Revolut – Not a high street bank but still technically a bank. Allows you to purchase crypto on multiple platforms including Binance. Also have the ability to buy it directly on their own app
Curtis Ting from Kraken says “Another option for UK traders is to use our custodial service, Etana Custody, to fund their Kraken account with GBP. This funding provider, suitable for larger deposits, enables customers to transfer funds to their Kraken trading account via a wire transfer from an Etana Custody account.
“We look forward to rolling out more exciting funding mechanisms shortly and urge any customers who continue to experience challenges depositing to their Kraken accounts to contact our Support Team.”

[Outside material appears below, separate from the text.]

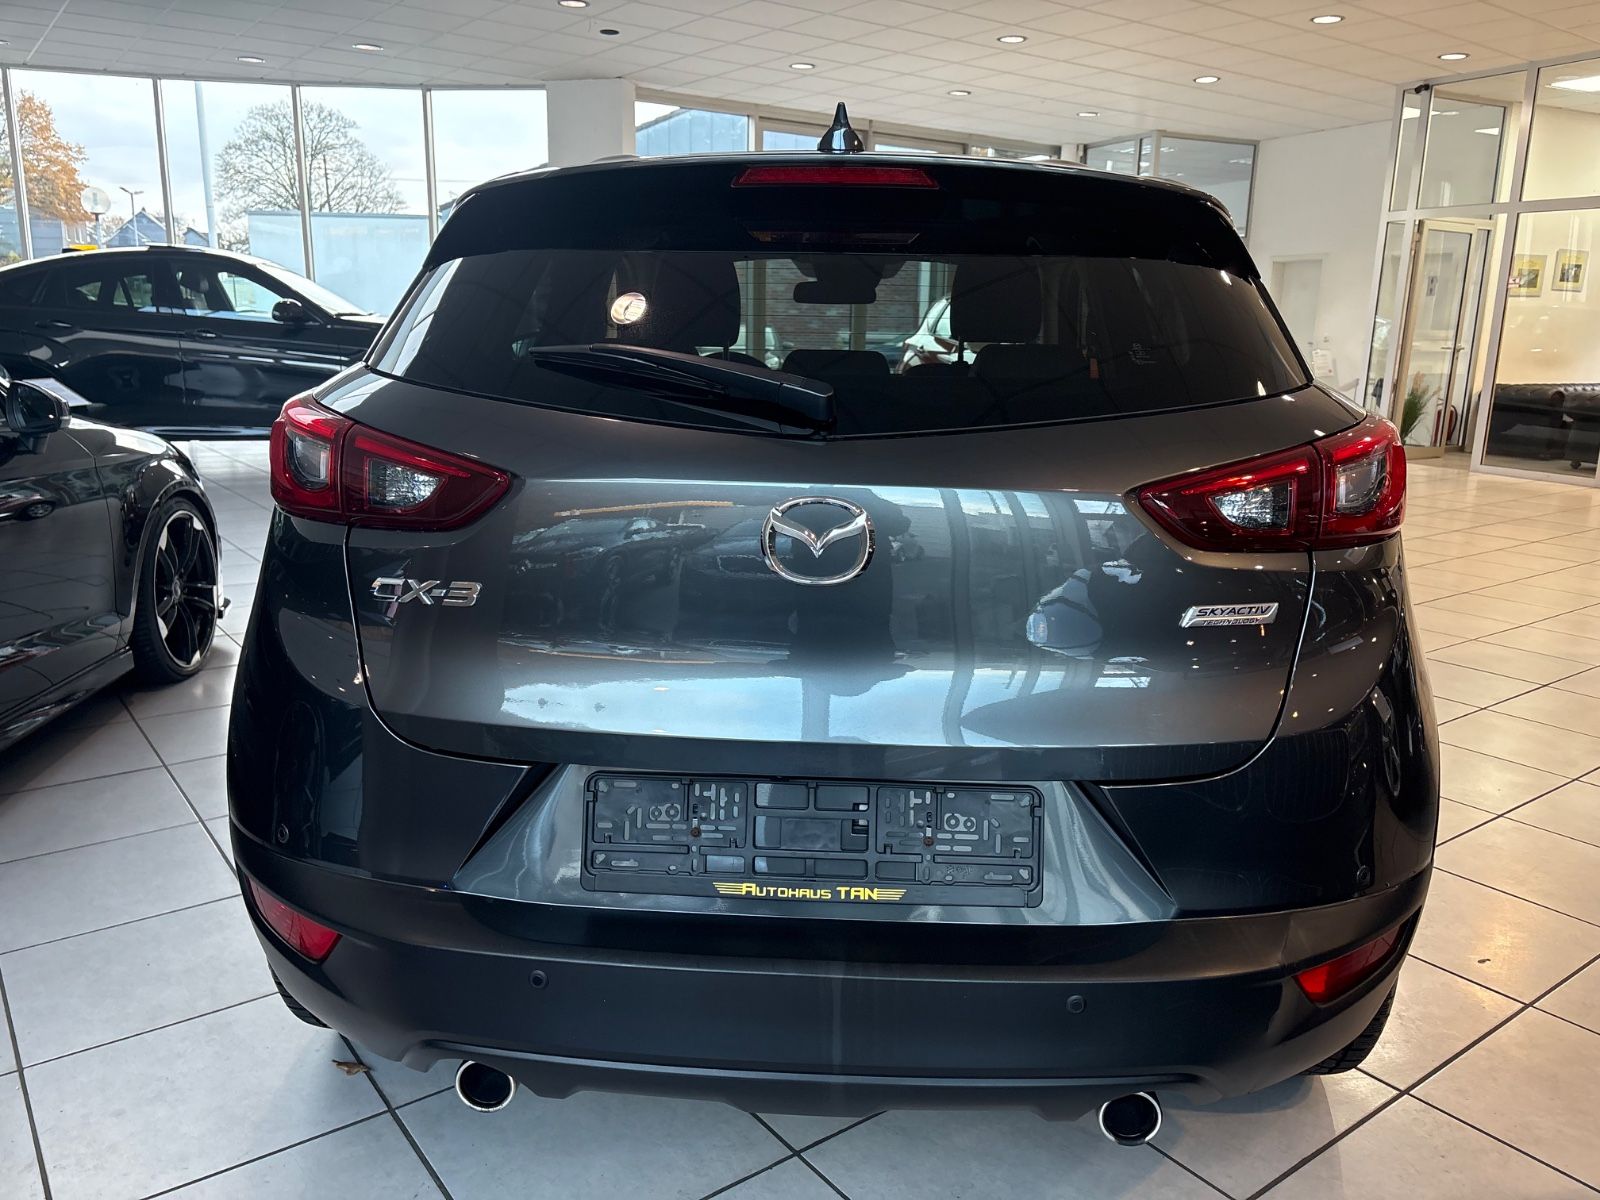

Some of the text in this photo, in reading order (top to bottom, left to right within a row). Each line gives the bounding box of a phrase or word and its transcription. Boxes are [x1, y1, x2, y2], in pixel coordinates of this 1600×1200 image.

Jonny Fry from TeamBlockchain Ltd recommends investing in a well-regarded investment fund that has significant crypto holdings.
He says “I have personally bought some shares in Kasei holdings – which is a quoted company that you can hold in an AJ Bell pension and so is a way to get exposure to crypto. Approximately 30% BTC and ETH the rest spread across a broad range of managed cryptos by a team with huge trading experience in equities and derivatives who have invested their own money to set up and list the company.
This is not financial or investment advice. Remember to do your own research and speak to a professional advisor before parting with any money.